Which lines run from the one containing "Some of the text" through the end of the material? Transcribe them word for word, and only them.

• Data for processing:

* * * * * * * * *

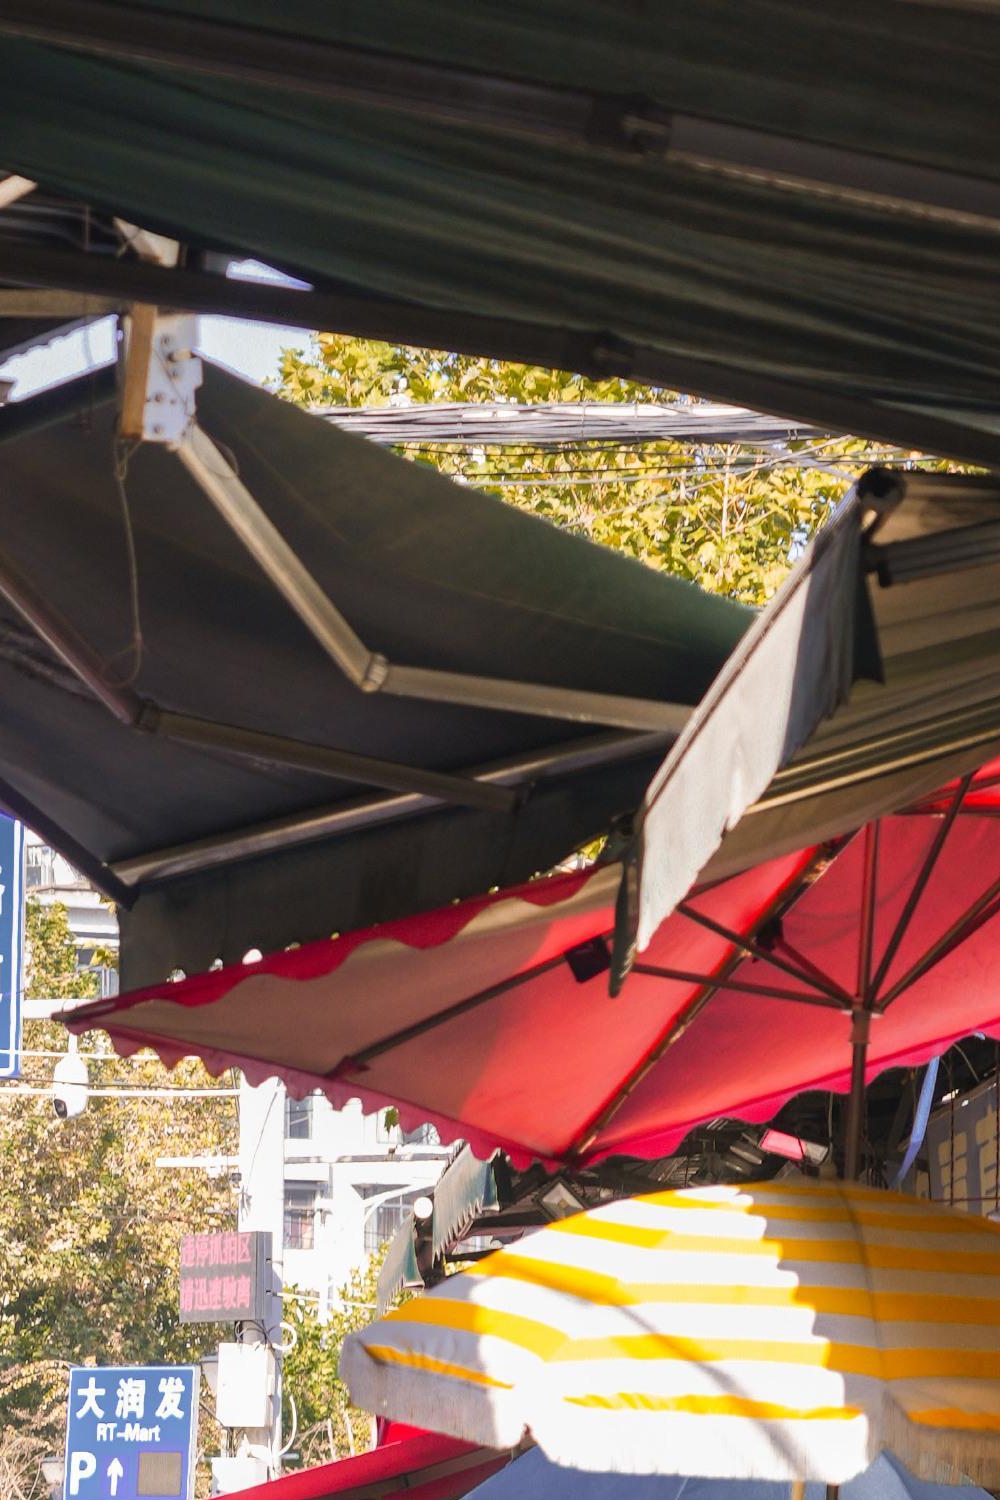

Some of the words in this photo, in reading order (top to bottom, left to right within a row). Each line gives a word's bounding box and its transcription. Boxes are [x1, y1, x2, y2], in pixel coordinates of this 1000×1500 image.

[75, 1376, 186, 1420] 大润发
[96, 1422, 161, 1442] RT-Mart
[69, 1451, 97, 1496] P
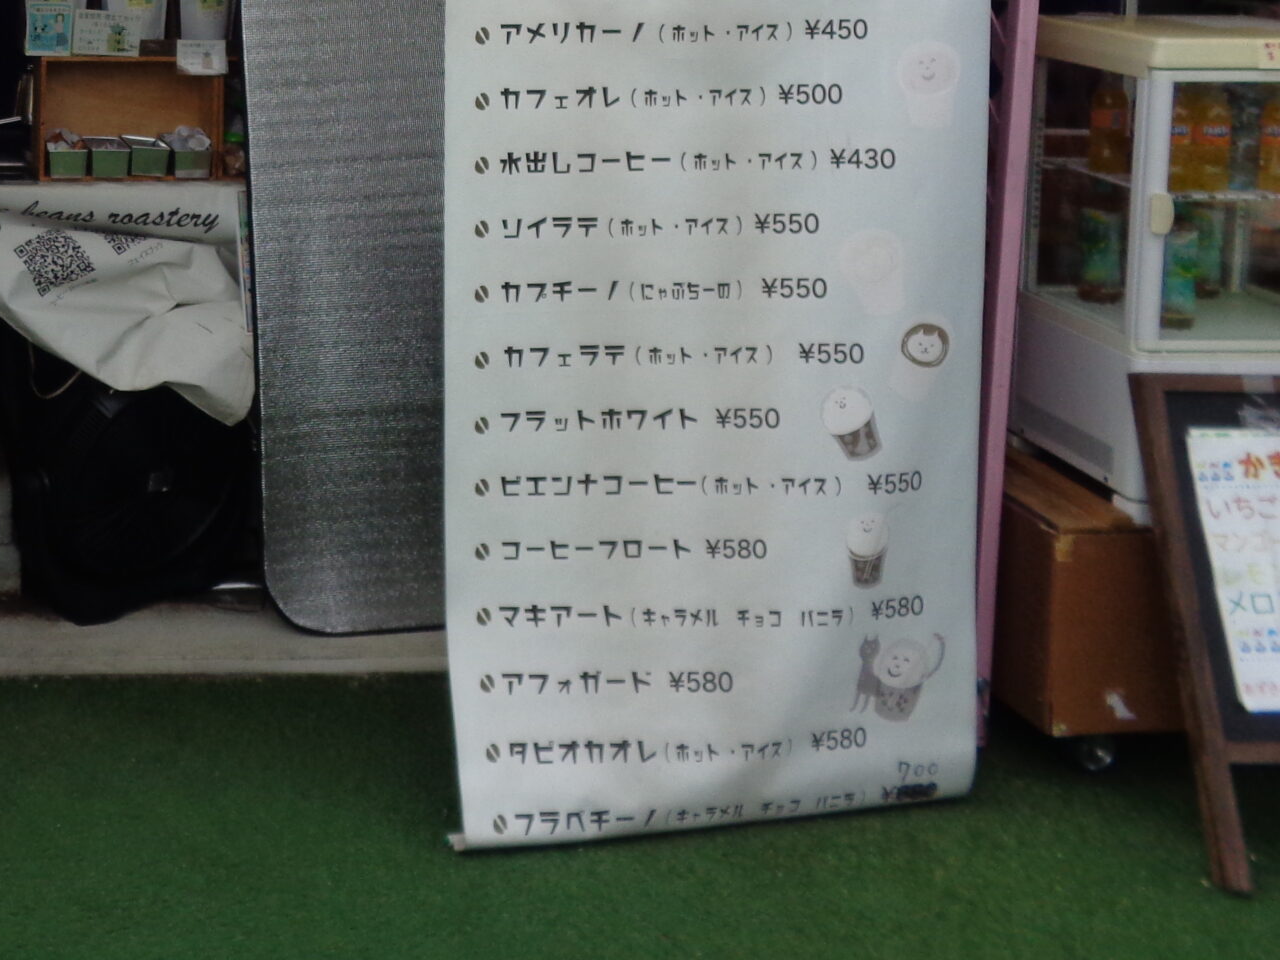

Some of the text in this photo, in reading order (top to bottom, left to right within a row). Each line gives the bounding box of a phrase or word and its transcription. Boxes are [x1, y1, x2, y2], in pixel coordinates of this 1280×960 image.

[805, 19, 868, 40] ¥450
[778, 83, 843, 105] ¥500
[830, 148, 896, 169] ¥430
[20, 200, 96, 223] beans
[108, 207, 220, 234] roastery
[754, 213, 819, 234] ¥550
[761, 277, 827, 299] ¥550
[798, 342, 864, 364] ¥550
[500, 407, 780, 432] フラットホワイト ¥550
[867, 470, 922, 495] ¥550
[501, 538, 767, 560] コーヒーフロート ¥580
[872, 594, 924, 620] ¥580
[501, 670, 733, 695] アフォガード ¥580
[810, 726, 866, 751] ¥580

* * * * * * * * *

• Result for this task:
Some of the text in this photo, in reading order (top to bottom, left to right within a row). Each line gives the bounding box of a phrase or word and its transcription. Boxes are [x1, y1, x2, y2], in pixel coordinates of this 1280×960 image.

[805, 19, 868, 40] ¥450
[778, 83, 843, 105] ¥500
[830, 148, 896, 169] ¥430
[20, 200, 96, 223] beans
[108, 207, 220, 234] roastery
[754, 213, 819, 234] ¥550
[761, 277, 827, 299] ¥550
[798, 342, 864, 364] ¥550
[500, 407, 780, 432] フラットホワイト ¥550
[867, 470, 922, 495] ¥550
[501, 538, 767, 560] コーヒーフロート ¥580
[872, 594, 924, 620] ¥580
[501, 670, 733, 695] アフォガード ¥580
[810, 726, 866, 751] ¥580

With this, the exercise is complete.